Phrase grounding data
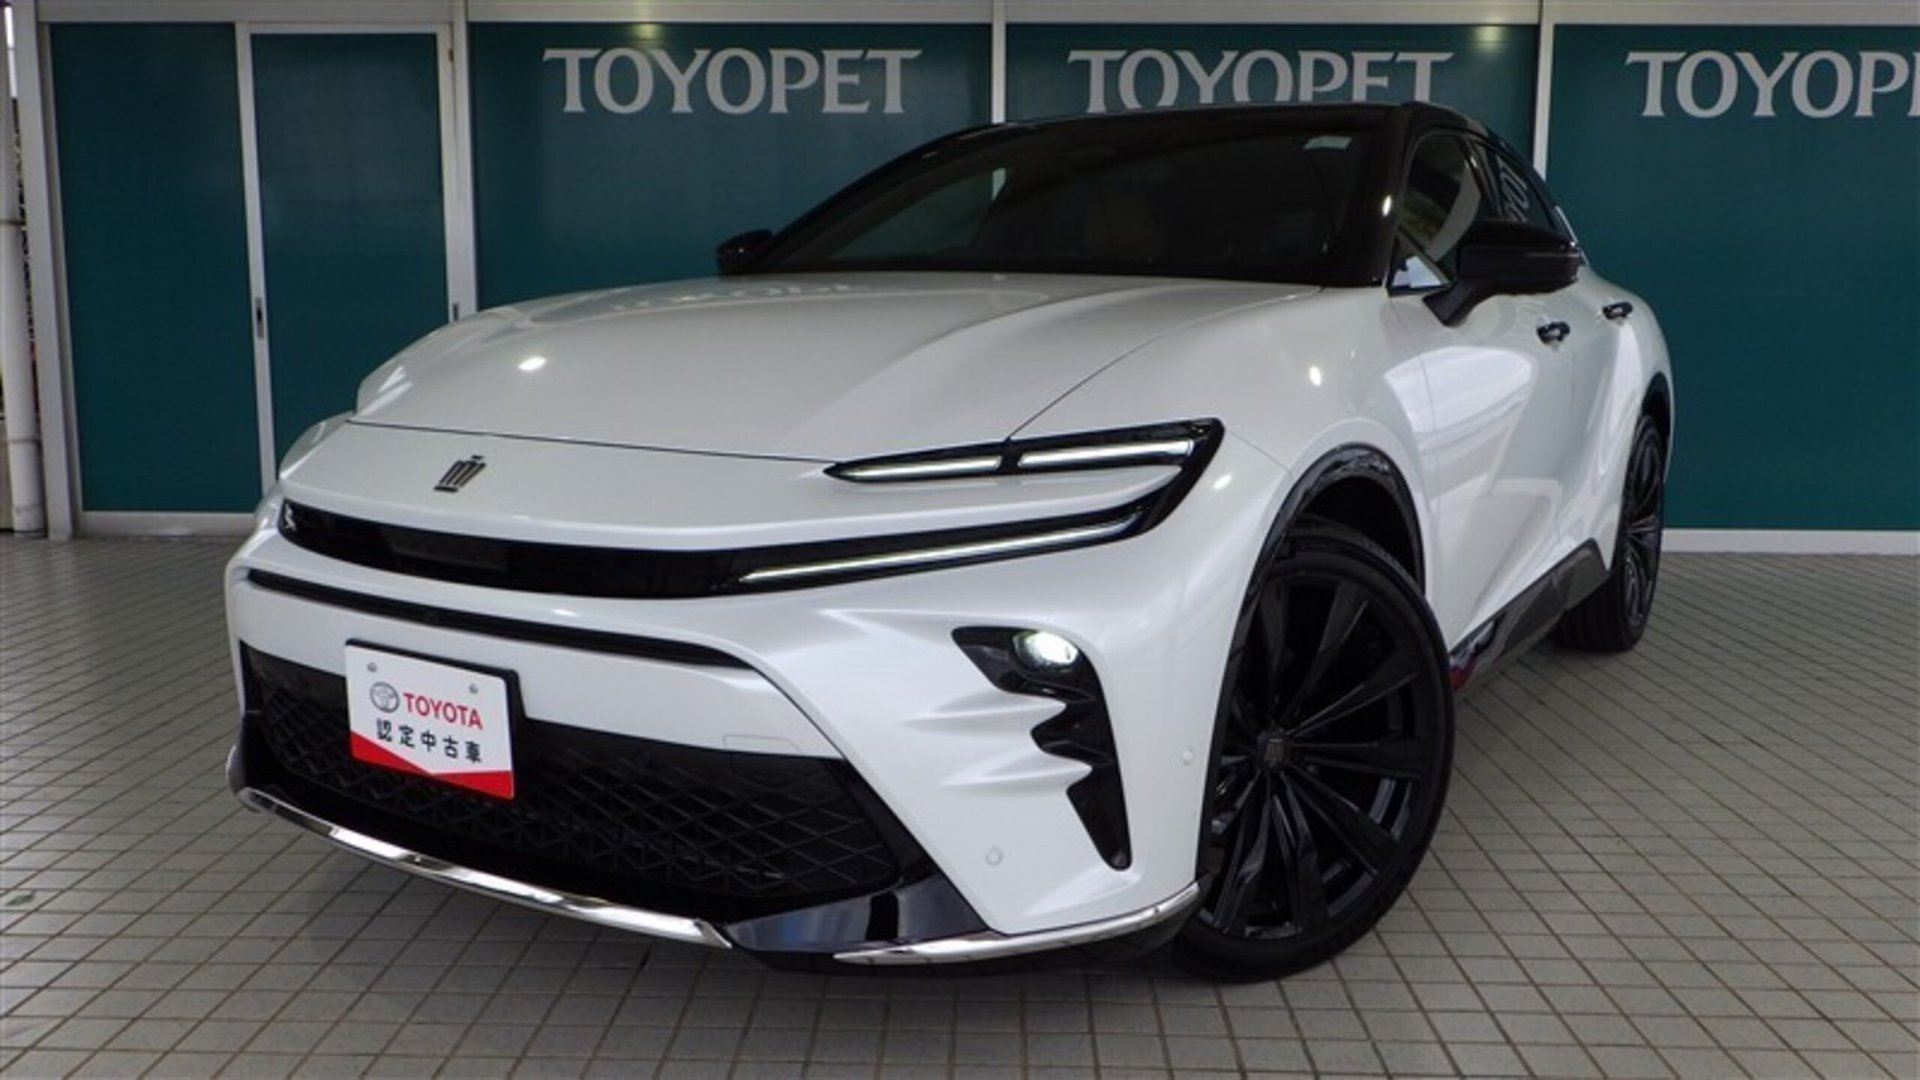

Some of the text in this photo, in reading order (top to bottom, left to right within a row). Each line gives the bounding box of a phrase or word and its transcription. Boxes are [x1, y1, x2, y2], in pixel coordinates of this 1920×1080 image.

[543, 48, 922, 114] TOYOPET
[1626, 51, 1920, 117] TOYOP
[404, 693, 482, 730] TOYOTA
[377, 719, 481, 763] 認定中古車

### WHAT YOU ARE ASKED TO DO
Are you able to set down all the lines above exactly, without any pictures?

### RESULT
Some of the text in this photo, in reading order (top to bottom, left to right within a row). Each line gives the bounding box of a phrase or word and its transcription. Boxes are [x1, y1, x2, y2], in pixel coordinates of this 1920×1080 image.

[543, 48, 922, 114] TOYOPET
[1626, 51, 1920, 117] TOYOP
[404, 693, 482, 730] TOYOTA
[377, 719, 481, 763] 認定中古車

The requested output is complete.